Comparison with Other TB Tests
While Tuberculin Skin Test methods are widely used, Interferon-Gamma Release Assays (IGRAs) are another important diagnostic tool for TB infection. IGRAs, such as the QuantiFERON-TB Gold Plus (QFT-Plus) and T-SPOT.TB, are blood tests that measure a person’s immune response to TB-specific antigens. They are not affected by prior BCG vaccination and may be preferred in certain populations.
Advantages of TST
- Inexpensive and widely available.
- Requires minimal laboratory infrastructure.
Limitations of TST
- Requires a follow-up visit for reading.
- Subject to reader bias.
- Can be affected by BCG vaccination and NTM exposure.
Importance of Follow-Up
Regardless of the Tuberculin Skin Test results, appropriate follow-up is crucial. A positive TST indicates TB infection and warrants further evaluation, typically including a chest X-ray and symptom assessment, to rule out active TB disease.
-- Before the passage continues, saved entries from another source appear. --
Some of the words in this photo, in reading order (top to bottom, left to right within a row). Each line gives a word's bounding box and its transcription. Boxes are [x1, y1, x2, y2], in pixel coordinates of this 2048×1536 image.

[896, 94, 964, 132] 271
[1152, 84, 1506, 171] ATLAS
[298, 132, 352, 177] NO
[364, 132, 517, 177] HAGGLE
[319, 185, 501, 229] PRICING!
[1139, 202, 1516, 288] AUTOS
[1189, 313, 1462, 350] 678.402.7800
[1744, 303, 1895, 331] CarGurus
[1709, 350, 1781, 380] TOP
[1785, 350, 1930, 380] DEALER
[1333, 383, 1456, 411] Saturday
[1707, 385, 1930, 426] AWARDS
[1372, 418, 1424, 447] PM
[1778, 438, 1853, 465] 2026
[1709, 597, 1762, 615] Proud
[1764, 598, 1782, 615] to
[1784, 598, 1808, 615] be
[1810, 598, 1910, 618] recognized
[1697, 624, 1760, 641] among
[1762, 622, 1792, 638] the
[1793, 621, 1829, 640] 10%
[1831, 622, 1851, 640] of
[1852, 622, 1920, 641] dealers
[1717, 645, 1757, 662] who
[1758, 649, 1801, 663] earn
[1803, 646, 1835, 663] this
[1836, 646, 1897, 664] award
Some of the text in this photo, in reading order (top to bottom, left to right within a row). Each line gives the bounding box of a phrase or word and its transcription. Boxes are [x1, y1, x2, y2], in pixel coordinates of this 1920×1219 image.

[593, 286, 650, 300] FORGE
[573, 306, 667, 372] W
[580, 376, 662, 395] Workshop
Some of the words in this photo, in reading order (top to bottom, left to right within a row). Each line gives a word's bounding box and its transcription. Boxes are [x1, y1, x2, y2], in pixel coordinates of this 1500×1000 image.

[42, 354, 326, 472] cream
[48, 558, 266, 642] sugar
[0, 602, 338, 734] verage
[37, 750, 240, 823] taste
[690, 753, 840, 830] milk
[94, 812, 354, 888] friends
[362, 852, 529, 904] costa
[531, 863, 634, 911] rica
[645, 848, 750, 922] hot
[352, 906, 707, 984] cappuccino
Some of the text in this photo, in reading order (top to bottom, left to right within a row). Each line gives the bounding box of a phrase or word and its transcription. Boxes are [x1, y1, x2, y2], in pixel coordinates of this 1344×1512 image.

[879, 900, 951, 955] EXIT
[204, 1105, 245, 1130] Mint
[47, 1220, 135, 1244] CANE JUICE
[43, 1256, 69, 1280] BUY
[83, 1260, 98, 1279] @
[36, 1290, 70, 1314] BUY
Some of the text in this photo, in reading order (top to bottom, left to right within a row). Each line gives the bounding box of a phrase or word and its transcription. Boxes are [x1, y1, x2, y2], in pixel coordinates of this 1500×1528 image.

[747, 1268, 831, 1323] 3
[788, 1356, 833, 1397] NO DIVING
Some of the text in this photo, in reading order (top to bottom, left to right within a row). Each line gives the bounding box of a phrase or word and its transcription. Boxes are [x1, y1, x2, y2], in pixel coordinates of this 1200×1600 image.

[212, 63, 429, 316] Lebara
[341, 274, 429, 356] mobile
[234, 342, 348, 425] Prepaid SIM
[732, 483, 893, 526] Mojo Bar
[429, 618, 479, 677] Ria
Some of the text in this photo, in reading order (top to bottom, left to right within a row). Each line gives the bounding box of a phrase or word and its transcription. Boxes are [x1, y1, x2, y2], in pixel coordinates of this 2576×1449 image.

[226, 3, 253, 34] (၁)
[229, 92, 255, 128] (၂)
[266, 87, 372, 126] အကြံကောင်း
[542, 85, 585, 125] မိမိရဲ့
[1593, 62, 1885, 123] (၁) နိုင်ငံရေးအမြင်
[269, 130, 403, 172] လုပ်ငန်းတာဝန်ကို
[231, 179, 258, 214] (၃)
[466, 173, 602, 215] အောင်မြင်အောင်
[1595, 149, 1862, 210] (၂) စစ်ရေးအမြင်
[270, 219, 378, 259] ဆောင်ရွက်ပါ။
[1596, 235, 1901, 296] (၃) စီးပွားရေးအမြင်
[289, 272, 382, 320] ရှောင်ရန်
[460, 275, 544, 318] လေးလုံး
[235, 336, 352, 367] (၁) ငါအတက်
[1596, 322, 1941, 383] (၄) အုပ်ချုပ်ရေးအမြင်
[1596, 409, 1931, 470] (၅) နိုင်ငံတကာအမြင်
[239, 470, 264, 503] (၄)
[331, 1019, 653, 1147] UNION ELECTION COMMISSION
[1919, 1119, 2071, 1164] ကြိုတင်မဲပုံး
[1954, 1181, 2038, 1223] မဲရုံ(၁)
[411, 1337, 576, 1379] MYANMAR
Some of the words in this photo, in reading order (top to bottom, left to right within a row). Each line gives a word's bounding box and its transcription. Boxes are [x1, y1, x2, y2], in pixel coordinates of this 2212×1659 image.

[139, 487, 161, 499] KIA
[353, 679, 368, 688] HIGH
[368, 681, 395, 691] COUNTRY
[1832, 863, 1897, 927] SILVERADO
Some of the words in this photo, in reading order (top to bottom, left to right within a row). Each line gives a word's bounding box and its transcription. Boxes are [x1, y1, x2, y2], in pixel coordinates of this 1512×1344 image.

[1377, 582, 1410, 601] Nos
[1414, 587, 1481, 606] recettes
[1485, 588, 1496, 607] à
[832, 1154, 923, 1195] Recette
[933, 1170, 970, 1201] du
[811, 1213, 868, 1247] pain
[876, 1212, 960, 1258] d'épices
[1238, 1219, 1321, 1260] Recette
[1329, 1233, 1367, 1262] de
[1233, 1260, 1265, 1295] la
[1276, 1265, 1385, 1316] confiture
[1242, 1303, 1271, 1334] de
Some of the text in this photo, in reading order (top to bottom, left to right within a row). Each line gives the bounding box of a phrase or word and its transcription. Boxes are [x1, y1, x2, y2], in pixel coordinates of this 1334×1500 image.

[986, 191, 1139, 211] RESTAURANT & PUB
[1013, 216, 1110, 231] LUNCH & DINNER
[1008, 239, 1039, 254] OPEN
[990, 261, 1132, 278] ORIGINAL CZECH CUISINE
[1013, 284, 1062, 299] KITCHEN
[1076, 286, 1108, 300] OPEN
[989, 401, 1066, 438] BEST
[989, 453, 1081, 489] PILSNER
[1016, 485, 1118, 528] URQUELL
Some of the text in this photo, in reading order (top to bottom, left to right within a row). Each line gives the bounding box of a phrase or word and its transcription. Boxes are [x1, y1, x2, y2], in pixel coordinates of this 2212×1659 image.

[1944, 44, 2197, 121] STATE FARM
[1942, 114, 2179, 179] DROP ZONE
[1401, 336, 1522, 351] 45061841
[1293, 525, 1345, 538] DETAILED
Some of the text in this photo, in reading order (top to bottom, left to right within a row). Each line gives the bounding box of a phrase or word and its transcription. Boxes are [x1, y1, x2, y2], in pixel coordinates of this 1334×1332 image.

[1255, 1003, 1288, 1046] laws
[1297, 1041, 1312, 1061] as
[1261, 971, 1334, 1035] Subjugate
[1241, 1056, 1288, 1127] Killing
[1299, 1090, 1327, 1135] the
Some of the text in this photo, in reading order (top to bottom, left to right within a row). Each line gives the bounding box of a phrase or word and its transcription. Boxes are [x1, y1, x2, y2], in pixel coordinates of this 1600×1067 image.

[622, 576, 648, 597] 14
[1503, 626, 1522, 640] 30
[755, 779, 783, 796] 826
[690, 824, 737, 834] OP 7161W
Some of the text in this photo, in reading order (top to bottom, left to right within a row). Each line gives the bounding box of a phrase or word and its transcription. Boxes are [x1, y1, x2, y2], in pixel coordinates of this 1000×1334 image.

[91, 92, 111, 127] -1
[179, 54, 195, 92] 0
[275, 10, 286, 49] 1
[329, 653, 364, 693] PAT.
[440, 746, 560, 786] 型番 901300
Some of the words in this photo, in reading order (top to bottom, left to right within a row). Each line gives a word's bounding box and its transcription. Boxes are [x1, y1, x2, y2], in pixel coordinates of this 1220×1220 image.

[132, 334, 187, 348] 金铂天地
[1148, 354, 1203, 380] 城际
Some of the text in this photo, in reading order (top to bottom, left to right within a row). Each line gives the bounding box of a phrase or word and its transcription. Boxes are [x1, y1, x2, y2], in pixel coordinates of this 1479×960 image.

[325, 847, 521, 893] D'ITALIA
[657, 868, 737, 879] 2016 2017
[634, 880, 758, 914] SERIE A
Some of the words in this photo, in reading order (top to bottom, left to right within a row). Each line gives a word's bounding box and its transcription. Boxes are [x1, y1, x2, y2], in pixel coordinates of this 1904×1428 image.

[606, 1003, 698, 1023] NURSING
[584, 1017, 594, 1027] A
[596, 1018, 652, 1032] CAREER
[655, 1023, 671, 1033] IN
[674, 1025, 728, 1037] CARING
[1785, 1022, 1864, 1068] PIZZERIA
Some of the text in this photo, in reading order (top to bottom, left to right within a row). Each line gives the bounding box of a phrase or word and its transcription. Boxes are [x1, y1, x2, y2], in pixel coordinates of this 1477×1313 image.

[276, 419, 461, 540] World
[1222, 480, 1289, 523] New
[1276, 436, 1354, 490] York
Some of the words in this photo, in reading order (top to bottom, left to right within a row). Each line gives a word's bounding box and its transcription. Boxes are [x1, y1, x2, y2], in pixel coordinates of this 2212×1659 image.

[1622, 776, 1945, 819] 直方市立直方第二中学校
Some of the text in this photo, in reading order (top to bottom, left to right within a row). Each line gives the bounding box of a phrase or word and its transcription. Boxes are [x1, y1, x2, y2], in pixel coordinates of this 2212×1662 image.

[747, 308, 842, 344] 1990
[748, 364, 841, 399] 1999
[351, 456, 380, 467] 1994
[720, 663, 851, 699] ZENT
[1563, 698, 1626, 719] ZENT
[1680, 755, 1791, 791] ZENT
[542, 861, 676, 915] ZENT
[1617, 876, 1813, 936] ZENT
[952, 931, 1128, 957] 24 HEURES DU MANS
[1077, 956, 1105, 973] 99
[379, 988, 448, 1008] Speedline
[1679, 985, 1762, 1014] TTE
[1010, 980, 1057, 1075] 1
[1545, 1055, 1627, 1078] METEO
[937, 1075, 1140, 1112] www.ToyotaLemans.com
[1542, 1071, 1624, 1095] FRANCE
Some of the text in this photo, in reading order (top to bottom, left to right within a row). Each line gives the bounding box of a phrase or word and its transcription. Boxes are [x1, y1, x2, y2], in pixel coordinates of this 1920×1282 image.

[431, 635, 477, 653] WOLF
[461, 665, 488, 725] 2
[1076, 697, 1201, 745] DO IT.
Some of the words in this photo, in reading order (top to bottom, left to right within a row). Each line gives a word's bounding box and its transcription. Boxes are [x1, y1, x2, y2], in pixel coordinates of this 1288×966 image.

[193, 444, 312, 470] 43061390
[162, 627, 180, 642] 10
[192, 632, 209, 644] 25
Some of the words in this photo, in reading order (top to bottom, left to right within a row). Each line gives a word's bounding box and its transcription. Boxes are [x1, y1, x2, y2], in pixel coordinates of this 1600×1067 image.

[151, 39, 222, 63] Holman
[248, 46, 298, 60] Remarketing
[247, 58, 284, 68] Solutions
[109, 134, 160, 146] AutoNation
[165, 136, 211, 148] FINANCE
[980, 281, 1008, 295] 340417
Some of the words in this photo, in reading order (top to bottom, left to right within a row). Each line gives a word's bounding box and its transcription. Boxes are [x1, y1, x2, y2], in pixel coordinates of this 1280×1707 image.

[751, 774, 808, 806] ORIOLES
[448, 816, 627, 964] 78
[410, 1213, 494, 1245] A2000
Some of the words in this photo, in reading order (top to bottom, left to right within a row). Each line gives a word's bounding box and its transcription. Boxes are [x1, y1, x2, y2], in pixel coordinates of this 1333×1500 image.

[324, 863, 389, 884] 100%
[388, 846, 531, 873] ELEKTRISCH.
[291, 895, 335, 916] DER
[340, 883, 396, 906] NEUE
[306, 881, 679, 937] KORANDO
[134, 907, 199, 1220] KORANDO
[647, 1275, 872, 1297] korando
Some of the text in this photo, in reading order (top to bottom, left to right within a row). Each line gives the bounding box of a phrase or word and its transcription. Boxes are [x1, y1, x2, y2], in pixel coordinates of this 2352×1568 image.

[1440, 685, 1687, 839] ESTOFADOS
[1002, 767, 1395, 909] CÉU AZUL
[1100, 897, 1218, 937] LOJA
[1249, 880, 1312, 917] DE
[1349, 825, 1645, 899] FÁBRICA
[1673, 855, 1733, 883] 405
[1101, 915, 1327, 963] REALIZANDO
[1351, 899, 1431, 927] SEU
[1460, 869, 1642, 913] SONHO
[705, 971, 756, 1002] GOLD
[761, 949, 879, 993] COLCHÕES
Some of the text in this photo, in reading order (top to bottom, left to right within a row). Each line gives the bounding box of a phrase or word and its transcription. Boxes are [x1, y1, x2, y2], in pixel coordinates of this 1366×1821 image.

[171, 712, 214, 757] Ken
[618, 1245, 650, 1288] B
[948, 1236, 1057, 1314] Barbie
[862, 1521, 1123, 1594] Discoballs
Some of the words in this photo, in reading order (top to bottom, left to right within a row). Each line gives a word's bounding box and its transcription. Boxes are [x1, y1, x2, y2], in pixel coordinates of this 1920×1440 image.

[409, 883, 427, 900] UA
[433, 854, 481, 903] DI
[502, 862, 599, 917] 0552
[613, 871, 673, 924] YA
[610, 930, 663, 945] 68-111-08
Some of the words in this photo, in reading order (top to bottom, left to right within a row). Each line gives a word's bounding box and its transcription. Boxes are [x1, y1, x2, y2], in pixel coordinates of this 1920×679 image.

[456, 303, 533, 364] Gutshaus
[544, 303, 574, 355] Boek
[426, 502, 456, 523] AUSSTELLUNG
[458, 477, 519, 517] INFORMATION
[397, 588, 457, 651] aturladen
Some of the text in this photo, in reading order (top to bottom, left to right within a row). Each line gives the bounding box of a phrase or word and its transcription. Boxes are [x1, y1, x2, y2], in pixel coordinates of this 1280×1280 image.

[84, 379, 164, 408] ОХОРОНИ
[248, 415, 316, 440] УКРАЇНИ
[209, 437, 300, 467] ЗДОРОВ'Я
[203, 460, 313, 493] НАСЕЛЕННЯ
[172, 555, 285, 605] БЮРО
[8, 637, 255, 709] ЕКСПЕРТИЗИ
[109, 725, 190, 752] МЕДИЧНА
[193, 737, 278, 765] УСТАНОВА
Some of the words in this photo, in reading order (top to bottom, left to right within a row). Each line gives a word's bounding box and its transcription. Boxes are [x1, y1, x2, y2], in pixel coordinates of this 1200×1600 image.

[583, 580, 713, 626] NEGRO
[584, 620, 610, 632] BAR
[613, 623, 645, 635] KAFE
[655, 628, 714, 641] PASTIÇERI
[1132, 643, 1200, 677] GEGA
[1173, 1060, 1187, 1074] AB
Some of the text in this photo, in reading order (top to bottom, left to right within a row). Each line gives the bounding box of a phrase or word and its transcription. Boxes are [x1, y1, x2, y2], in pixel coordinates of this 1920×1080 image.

If active TB is excluded, treatment for latent TB infection may be recommended to prevent future progression to active disease. A negative TST, especially in high-risk individuals or those with symptoms, may still require clinical judgment and potentially further testing or re-evaluation.
Conclusion
Tuberculin Skin Test methods remain an indispensable tool in the fight against tuberculosis. From meticulous administration to precise interpretation, each step in the TST process is vital for accurate diagnosis of TB infection. Understanding the nuances of PPD injection, induration measurement, and risk-factor-based interpretation empowers healthcare professionals to make informed decisions. If you have concerns about TB exposure or require a Tuberculin Skin Test, consult with a qualified healthcare provider to ensure proper screening and appropriate management.